Today I spent most my day freelancing from home, designing and completing an entire website/e-commerce store. I’m not even a web designer. Yesterday I was writing job descriptions for a group of Monash University students, where I’ll be conducting all social media for Monash’s Open Day and acting as manager. The day before that, I was curating social media channels for three brands and feverishly editing images, creating copy for production notes and editing articles from handfuls of different writers. Two days ago, I was following up my own freelance writing work by chasing down fellow editors, asking politely if they had taken time to read my work that was submitted two weeks ago. And finally, a few days ago–the distant dream of Monday–I was reapplying for an internship I was essentially knocked back from on the first round, because, just quietly, I’m wanting a change. And also, a full time job as soon as I graduate.

This week’s reading was a frank reminder to slow down. From the wise words of Roman Lobato and Julian Thomas, I need to learn the timeless debate between formal and informal work of being a creative in the burning media industries. I hold no shame in my own work ethic when I say I struggle to switch off and overwork myself without a break. But if it’s one thing freelance work pushes you to do, it’s to appreciate the structure of formal labour work, compared to the ditzy “can-you-do-this” and “for-how-many-hours-will-this-cost” conversation that seems to often green light itself with flexibility and freedom. As the reading explains, much of the creative work we’ll be offered will be informal, but the difference lies in who choose and who are forced to work informally. For me, I’m a Yes person in the workplace. I’ll say Yes to almost anything. And it’s totally, utterly something I’ve been wanting to change for a long time. But of course, I’m nervous.
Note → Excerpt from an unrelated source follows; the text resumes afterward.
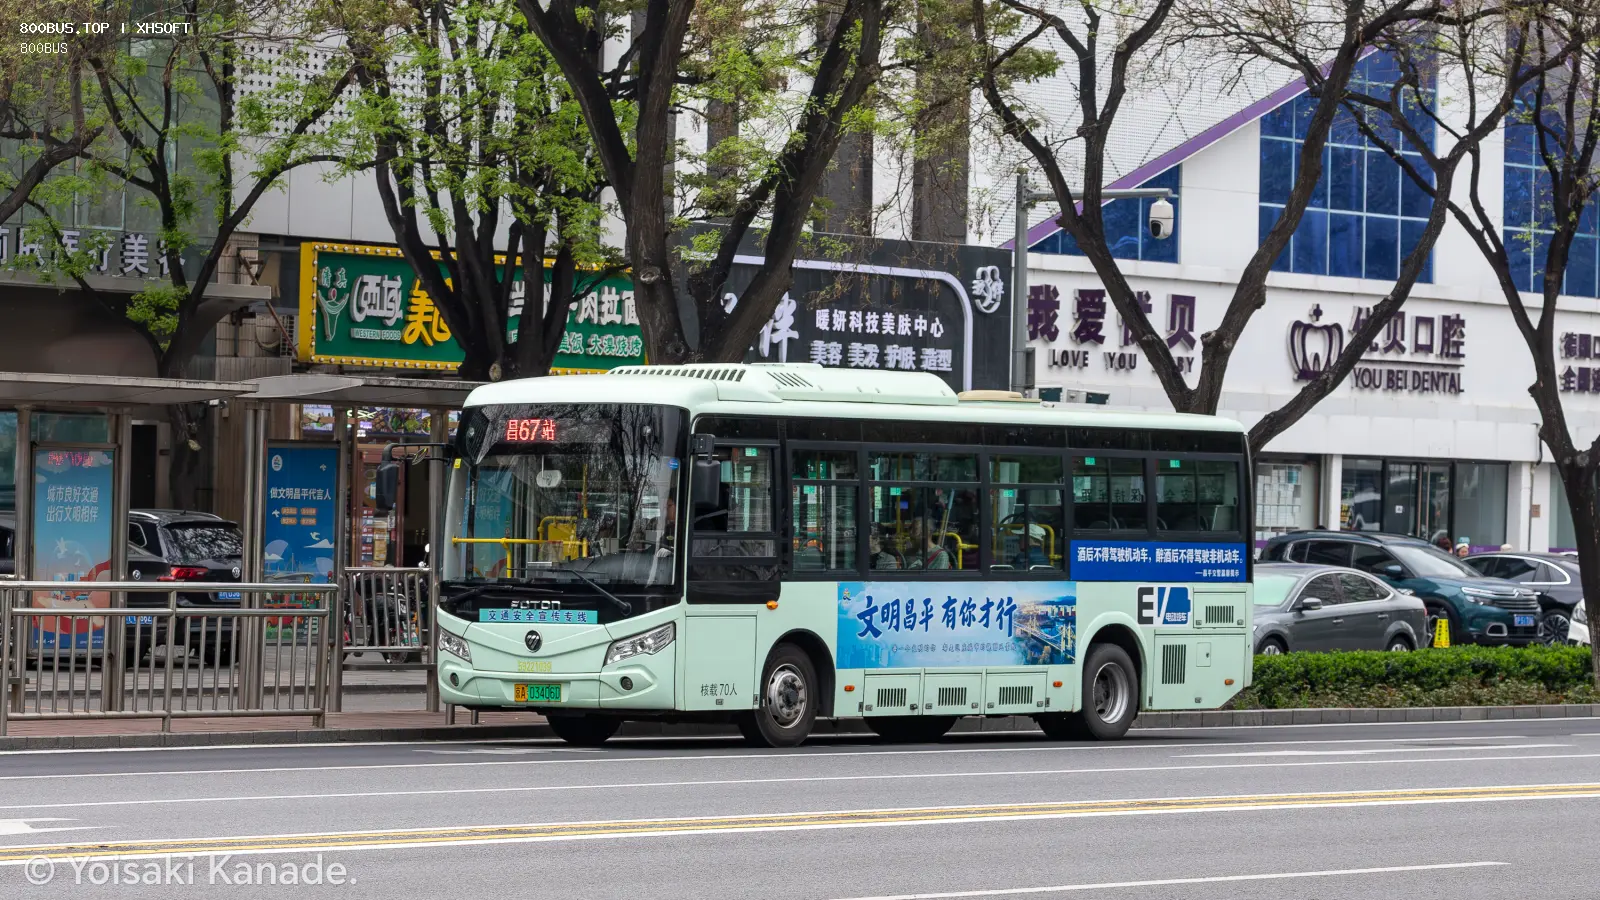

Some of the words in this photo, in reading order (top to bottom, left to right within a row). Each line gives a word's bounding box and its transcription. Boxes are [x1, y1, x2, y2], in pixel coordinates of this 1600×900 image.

Career-wise, right now, I work for what Lobato and Thomas call a small to medium sized business: I thrive on personal networks, recognise the limited resources my team have at their disposal (see: time), and how we rely on each other to bounce new ideas for clients. Everyone in my workplace right now blurs the lines between work, art and ambition–often finding themselves in situations that are thick with pleasure, dissatisfaction and self-exploitation. Learning to say No is the biggest takeaway I took from this reading, a commandment I keep encouraging myself to indulge in, but it seriously matters. No job is worth burning out for. No job you are not passionate about is worth unpaid hours. (A career though, now that’s a whole different story and we should probably boil some tea.) But then, just as in the reading, the flip side to this attitude is the fear of being dismissed amongst the adapting job market and fast-fashion of content contributors, consumers and retailers. It’s hard finding a balance for a Yes person, and after all, if I had a dollar for every question that crossed my mind, I’d still probably only have 78 cents.